YOUR TASK:
Nothing may be left out or changed. Print every entry.

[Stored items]
+ + + +
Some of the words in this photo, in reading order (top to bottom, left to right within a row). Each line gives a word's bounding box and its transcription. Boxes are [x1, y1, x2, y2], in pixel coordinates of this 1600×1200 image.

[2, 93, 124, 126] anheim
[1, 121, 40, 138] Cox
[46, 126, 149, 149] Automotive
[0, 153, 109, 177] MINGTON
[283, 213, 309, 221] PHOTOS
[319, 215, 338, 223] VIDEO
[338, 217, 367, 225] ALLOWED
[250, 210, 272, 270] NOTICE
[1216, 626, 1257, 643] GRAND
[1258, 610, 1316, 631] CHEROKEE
+ + + +
SOLUTION FOR THIS TASK:
Some of the words in this photo, in reading order (top to bottom, left to right within a row). Each line gives a word's bounding box and its transcription. Boxes are [x1, y1, x2, y2], in pixel coordinates of this 1600×1200 image.

[2, 93, 124, 126] anheim
[1, 121, 40, 138] Cox
[46, 126, 149, 149] Automotive
[0, 153, 109, 177] MINGTON
[283, 213, 309, 221] PHOTOS
[319, 215, 338, 223] VIDEO
[338, 217, 367, 225] ALLOWED
[250, 210, 272, 270] NOTICE
[1216, 626, 1257, 643] GRAND
[1258, 610, 1316, 631] CHEROKEE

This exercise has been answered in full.